Segment Start: Exercise input

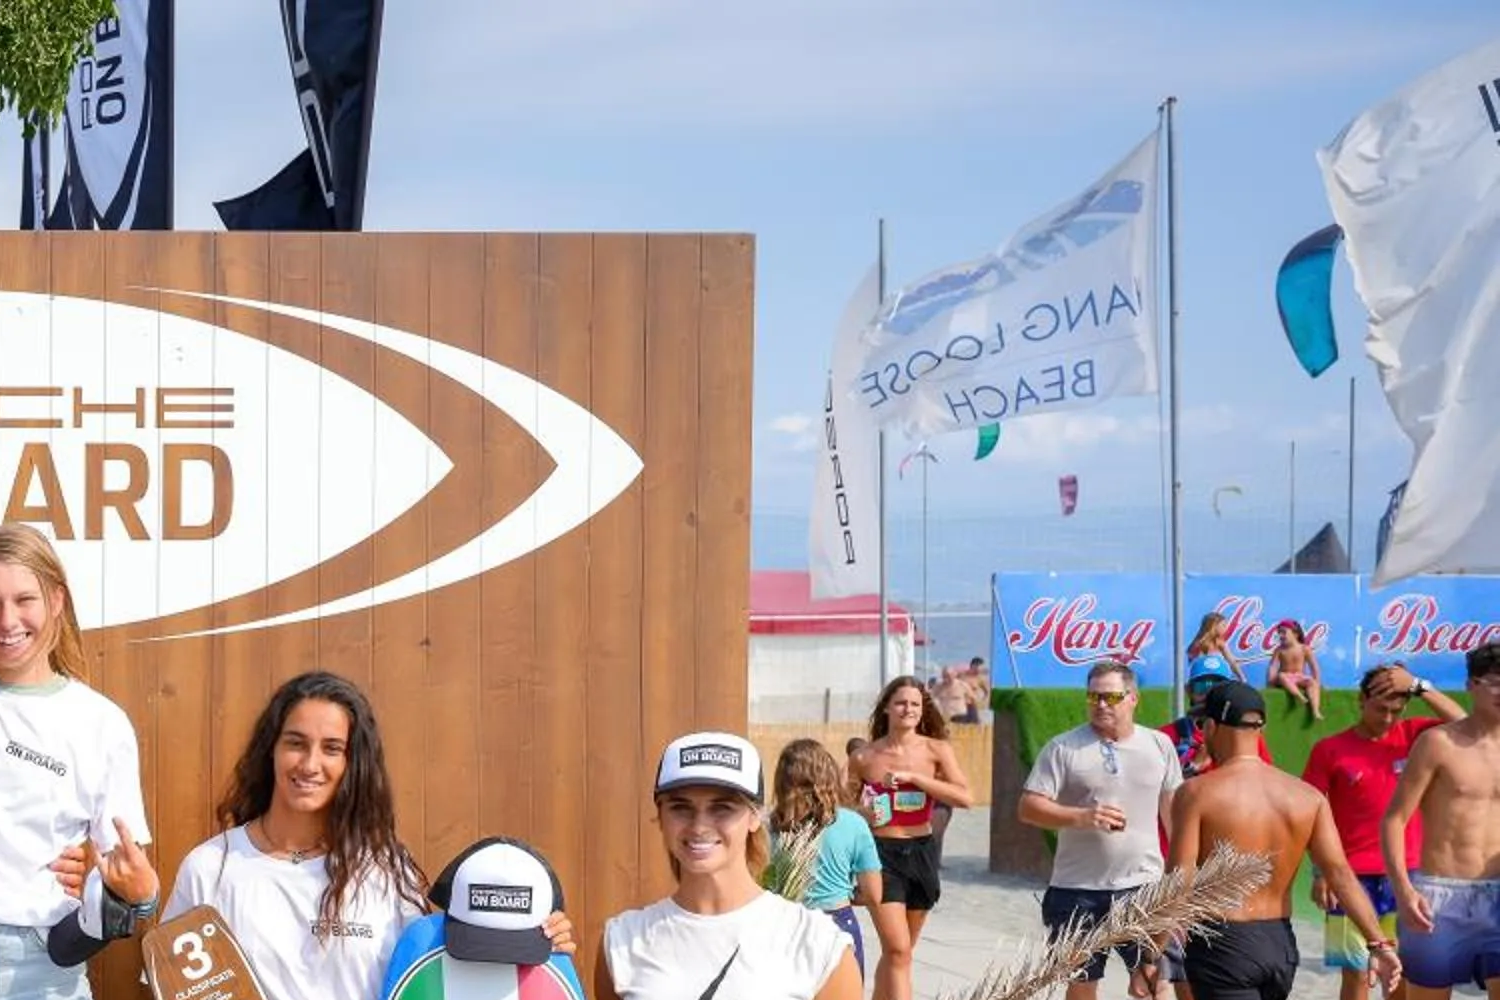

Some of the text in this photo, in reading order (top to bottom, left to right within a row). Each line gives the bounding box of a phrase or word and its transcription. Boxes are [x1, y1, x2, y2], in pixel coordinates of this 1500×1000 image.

[96, 55, 126, 125] ON
[1009, 594, 1155, 666] Hang
[471, 895, 529, 909] ON BOARD
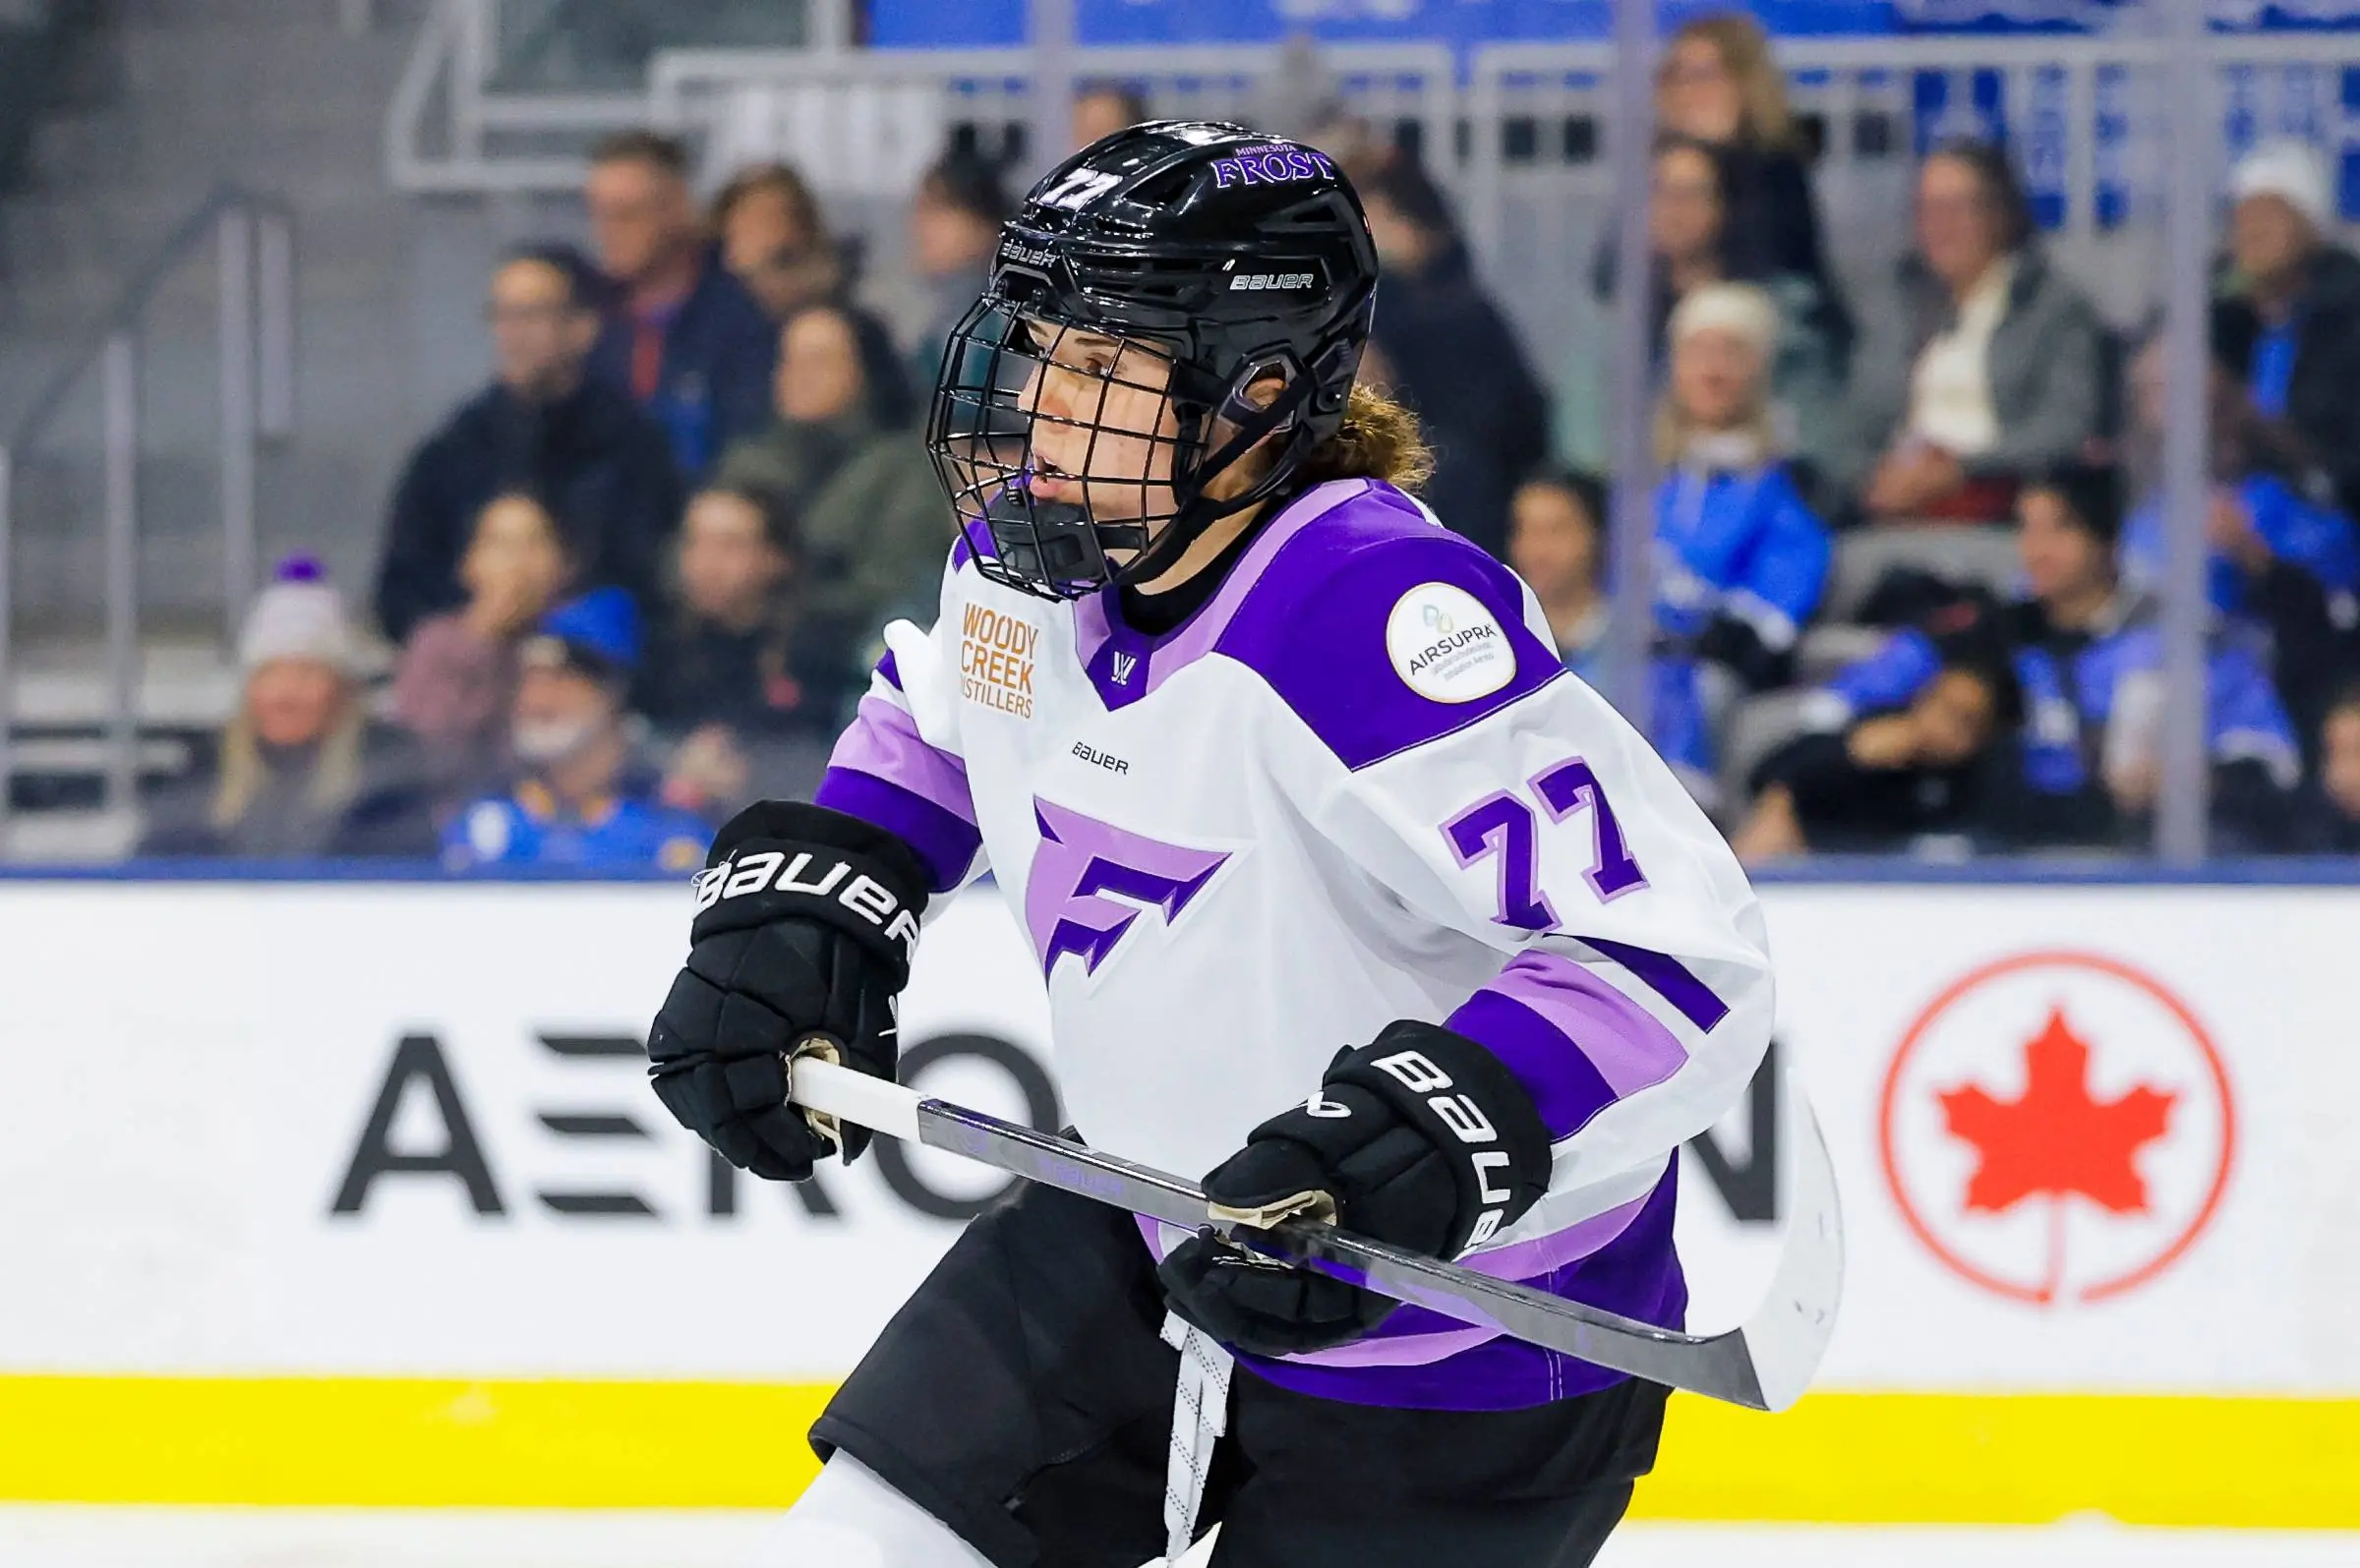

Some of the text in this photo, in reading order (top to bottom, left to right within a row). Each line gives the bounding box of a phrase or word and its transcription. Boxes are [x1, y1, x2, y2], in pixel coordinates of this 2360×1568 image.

[1210, 152, 1336, 189] FROST
[1235, 144, 1298, 157] MINNESOTA
[963, 602, 1039, 660] WOODY
[961, 640, 1034, 694] CREEK
[1438, 755, 1651, 932] 77

Segment End: Exercise input

• **About this exercise**
Give all the entries again exactly, dropping each picture.

• **Solution for this problem**
Some of the text in this photo, in reading order (top to bottom, left to right within a row). Each line gives the bounding box of a phrase or word and its transcription. Boxes are [x1, y1, x2, y2], in pixel coordinates of this 1500×1000 image.

[96, 55, 126, 125] ON
[1009, 594, 1155, 666] Hang
[471, 895, 529, 909] ON BOARD

Some of the text in this photo, in reading order (top to bottom, left to right within a row). Each line gives the bounding box of a phrase or word and its transcription. Boxes are [x1, y1, x2, y2], in pixel coordinates of this 2360×1568 image.

[1210, 152, 1336, 189] FROST
[1235, 144, 1298, 157] MINNESOTA
[963, 602, 1039, 660] WOODY
[961, 640, 1034, 694] CREEK
[1438, 755, 1651, 932] 77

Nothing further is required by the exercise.